A bit more background.
Previously we thought this restriction only applies to SIOV+vSVA, as a guest process may bind to both sibling vdev's, leading to the same pasid situation.
In concept w/o vSVA it's still possible to assign sibling vdev's to a same VM as each vdev is allocated with a unique pasid to mark vRID so can be differentiated from each other in the fault/error path.
I thought the SIOV plan was that each "vdev" ie vpci function would get a slice of the pRID's PASID space statically selected at creation?
So SVA/etc doesn't matter, you reliably get a disjoint set of pRID & pPASID into each VM.
From that view you can't identify the iommufd dev_id without knowing both the pRID and pPASID which will disambiguate the different SIOV iommufd dev_id instances sharing a rid.
true when assigning those instances to different VMs.

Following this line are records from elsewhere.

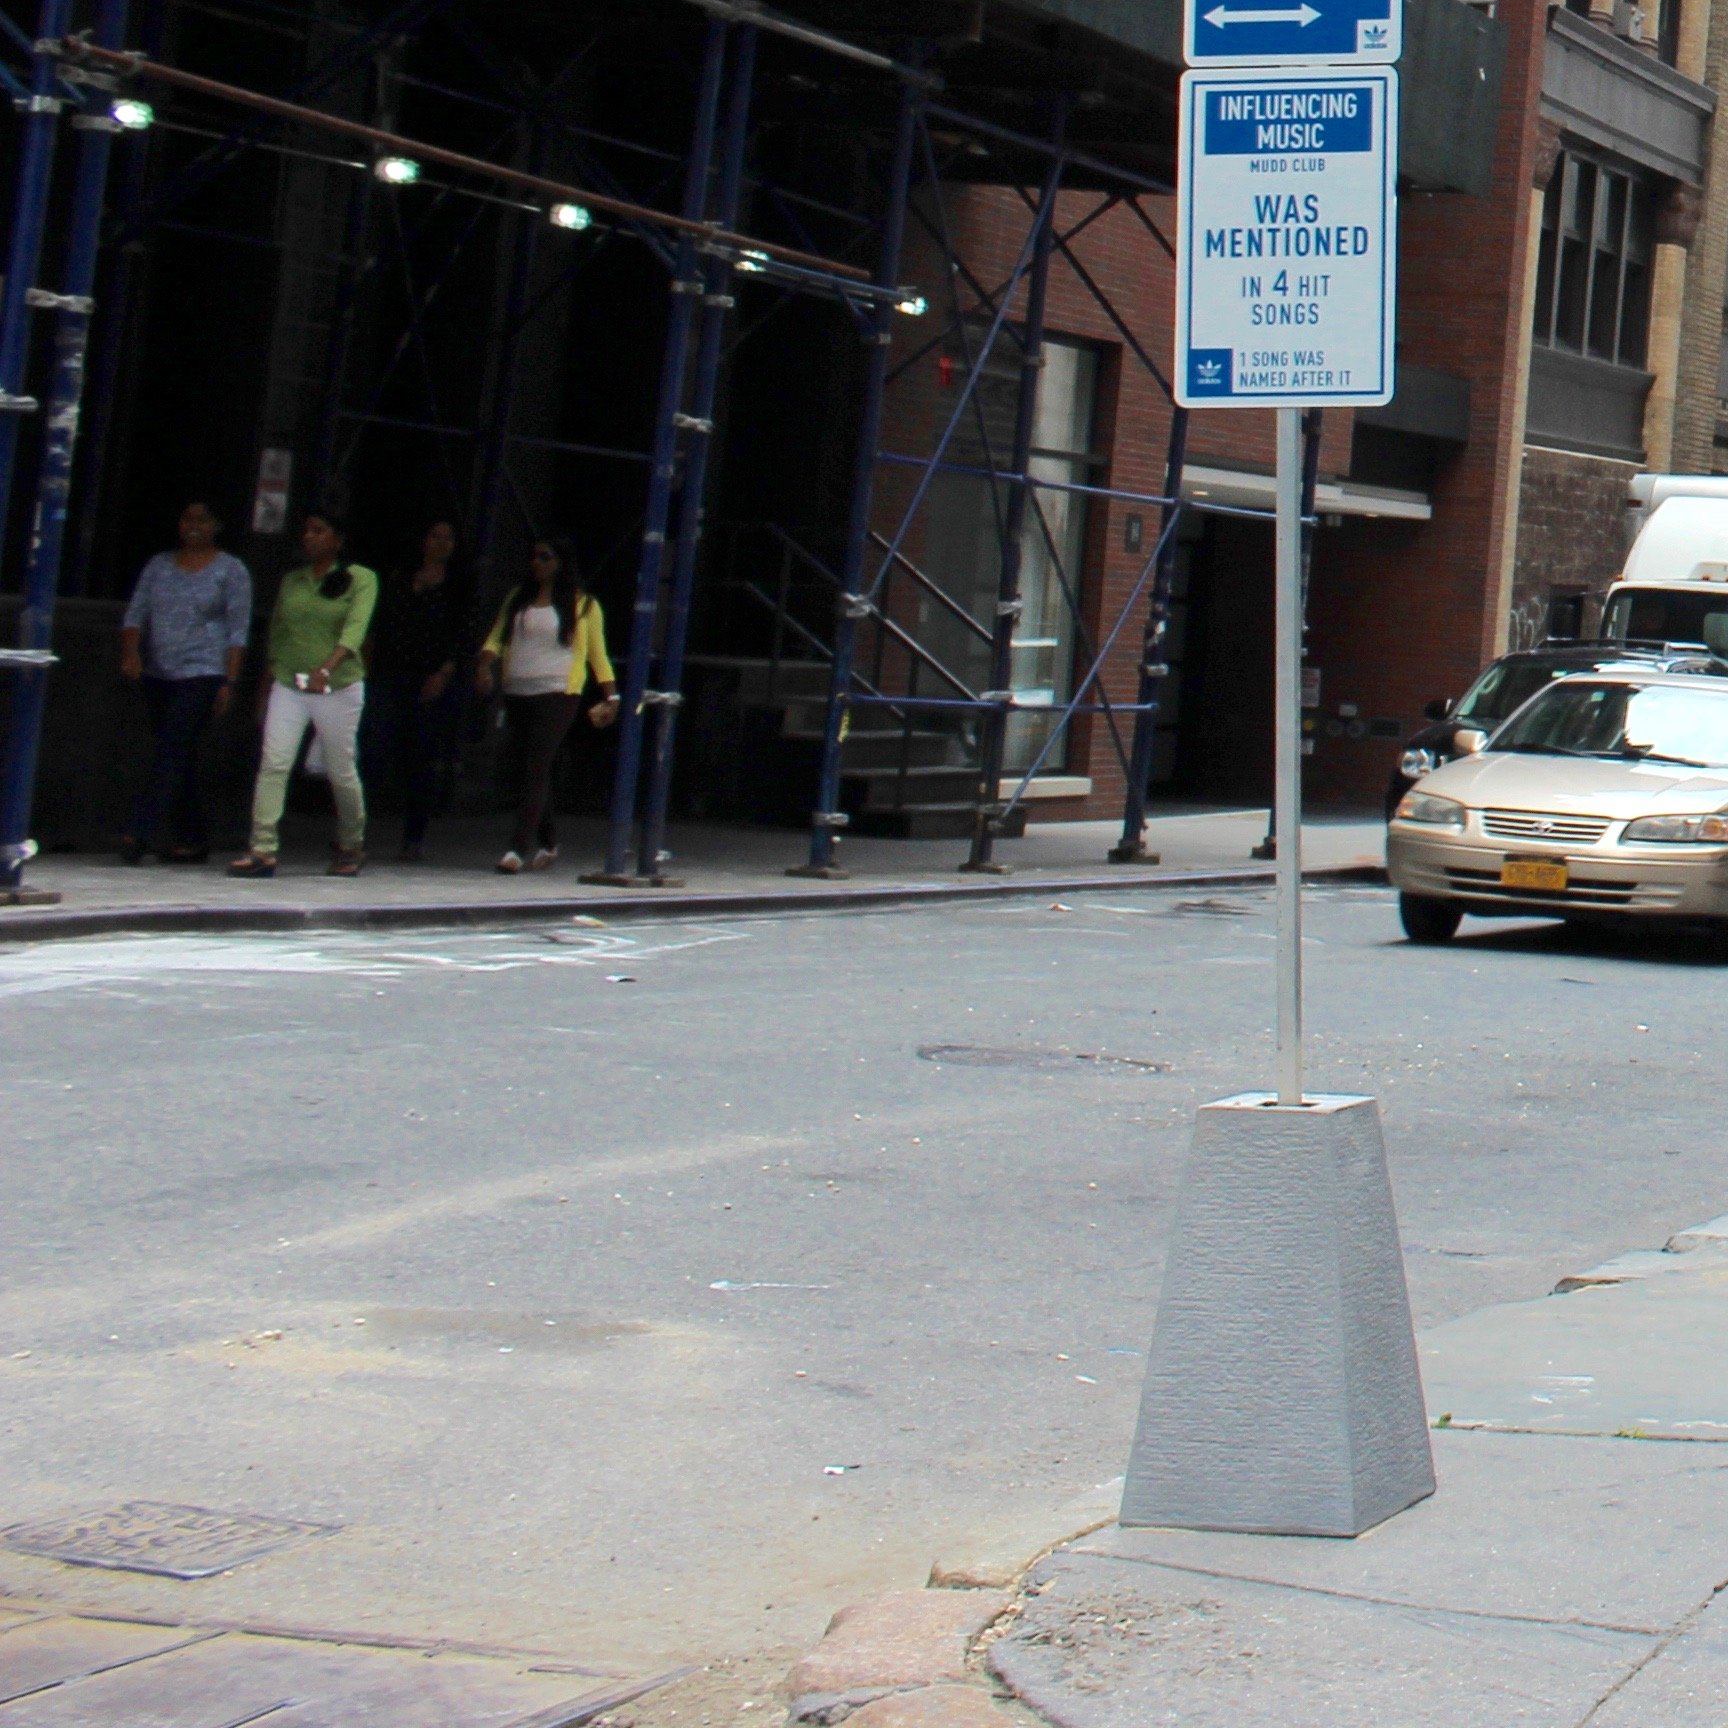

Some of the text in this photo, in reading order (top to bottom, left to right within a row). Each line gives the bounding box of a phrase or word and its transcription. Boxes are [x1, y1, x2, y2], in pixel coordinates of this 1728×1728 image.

[1220, 94, 1357, 121] INFLUENCING
[1257, 124, 1325, 149] MUSIC
[1250, 159, 1326, 173] MUDD CLUB
[1255, 195, 1319, 224] WAS
[1206, 227, 1369, 258] MENTIONED
[1242, 270, 1330, 297] IN 4 HIT
[1252, 304, 1319, 325] SONGS
[1240, 351, 1324, 366] 1 SONG WAS
[1240, 371, 1351, 387] NAMED AFTER IT

Here I was talking about assigning them to a same VM being a problem. with rid sharing plus same ENQCMD pPASID potentially used on both instances there'd be ambiguity in vSVA e.g. iopf to identify dev_id.
we agreed before on preventing sibling vdev's in one VM for above reason, but only as far as vSVA is concerned.

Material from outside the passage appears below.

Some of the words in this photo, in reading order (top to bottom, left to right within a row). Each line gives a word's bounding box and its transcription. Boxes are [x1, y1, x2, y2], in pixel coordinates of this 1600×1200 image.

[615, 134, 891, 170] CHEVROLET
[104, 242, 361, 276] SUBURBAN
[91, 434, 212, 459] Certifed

then given the new finding in err reporting I wondered whether this restriction should be applied to all SIOV scenarios (but irrelevant now with below explanation after another thinking)
But when looking at this err code issue with Yi closely, we found there is another gap in the VT-d spec. Upon devtlb invalidation timeout the hw doesn't report pasid in the error info register. this makes it impossible to identify the source vdev if a hwpt invalidation request involves sibling vdev's from a same PF.

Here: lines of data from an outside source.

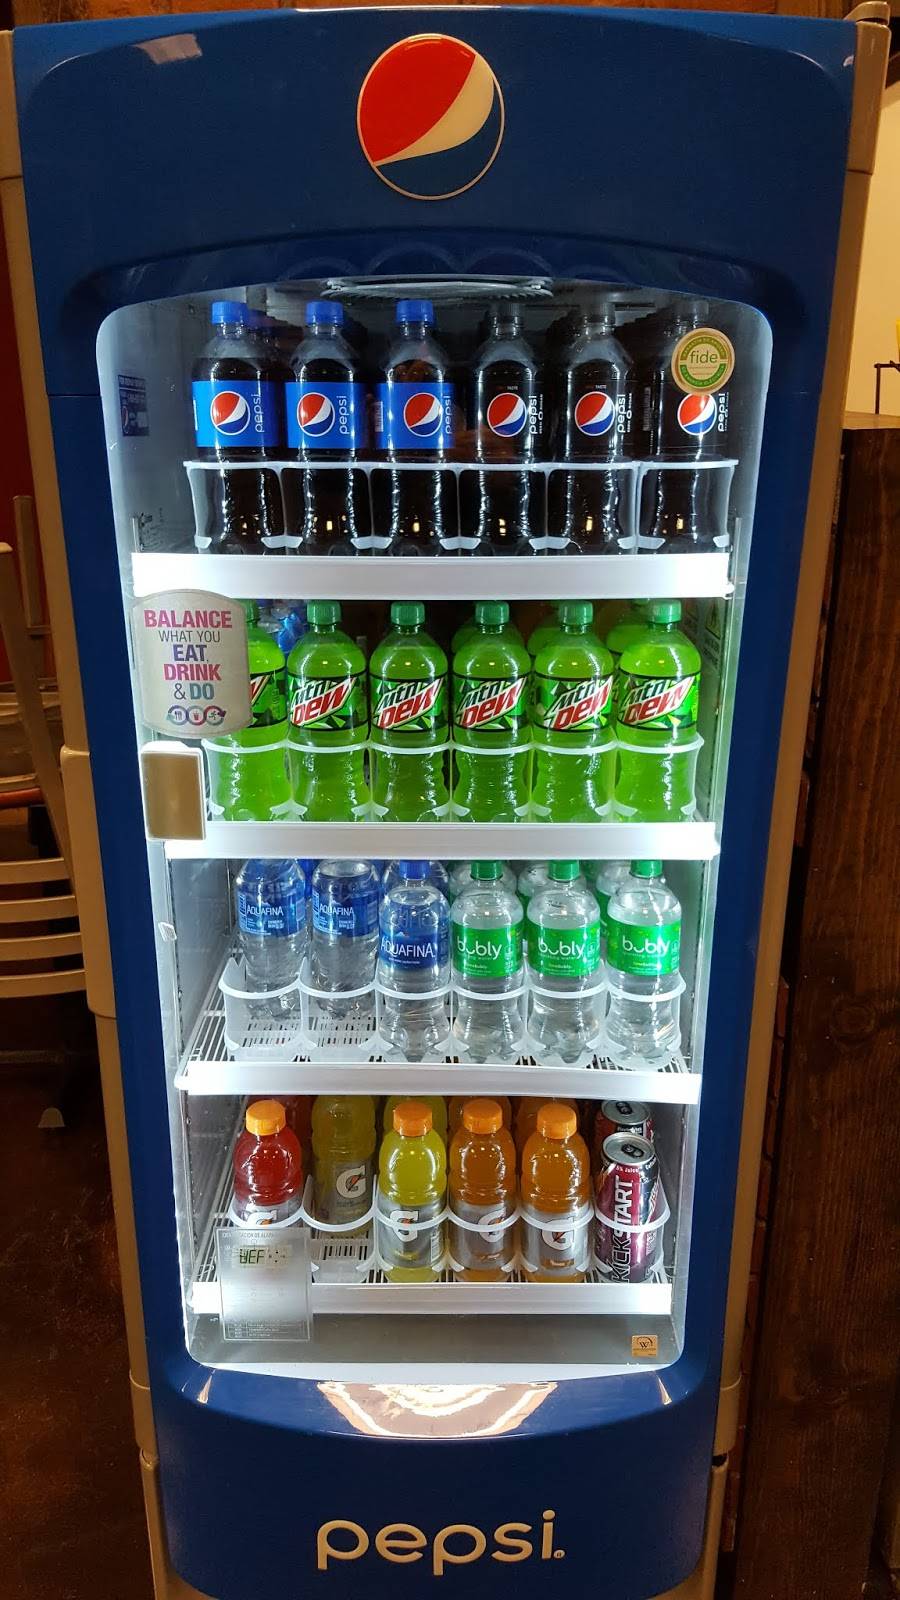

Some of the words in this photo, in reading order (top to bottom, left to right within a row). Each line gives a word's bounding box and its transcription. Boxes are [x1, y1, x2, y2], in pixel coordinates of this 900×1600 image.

[690, 350, 718, 364] fide
[251, 393, 265, 433] pepsi
[336, 395, 349, 435] pepsi
[443, 395, 452, 434] pepsi
[528, 395, 538, 435] pepsi
[616, 393, 626, 433] pepsi
[717, 393, 726, 432] pepsi
[143, 609, 233, 629] BALANCE
[158, 630, 193, 642] WHAT
[196, 630, 221, 643] YOU
[163, 663, 222, 681] DRINK
[173, 682, 186, 700] &
[189, 682, 215, 700] DO
[246, 904, 285, 917] AQUAFINA
[319, 903, 355, 916] AQUAFINA
[380, 935, 434, 958] AQUAFINA
[456, 935, 503, 960] bubly
[537, 936, 586, 960] bubly
[316, 1509, 556, 1576] pepsi

Don't you know which command timed out?
unfortunately no.
for errors related to descriptor fetch the driver can tell the command by looking at the head pointer of the invalidation queue.
command completion is indirectly detected by inserting a wait descriptor as fence. completion timeout error is reported in an error register. but this register doesn't record pasid, nor does the command location. if there are multiple pending devtlb invalidation commands upon timeout error the spec suggests the driver to treat all of them timeout as the register can only record one rid.
this is kind of moot. If the driver submits only one command (plus wait) at a time it doesn't need hw's help to identify the timeout command. If the driver batches invalidation commands it must treat all timeout if an timeout error is reported.
from this angle whether to record pasid doesn't really matter.
intel-iommu driver doesn't batch commands. so it's possible for the driver to figure out the timeout device itself and identify rid plus pasid to find dev_id from iommufd.
based on this, even RID is unnecessary. Software should know which device it has sent a devTLB invalidation.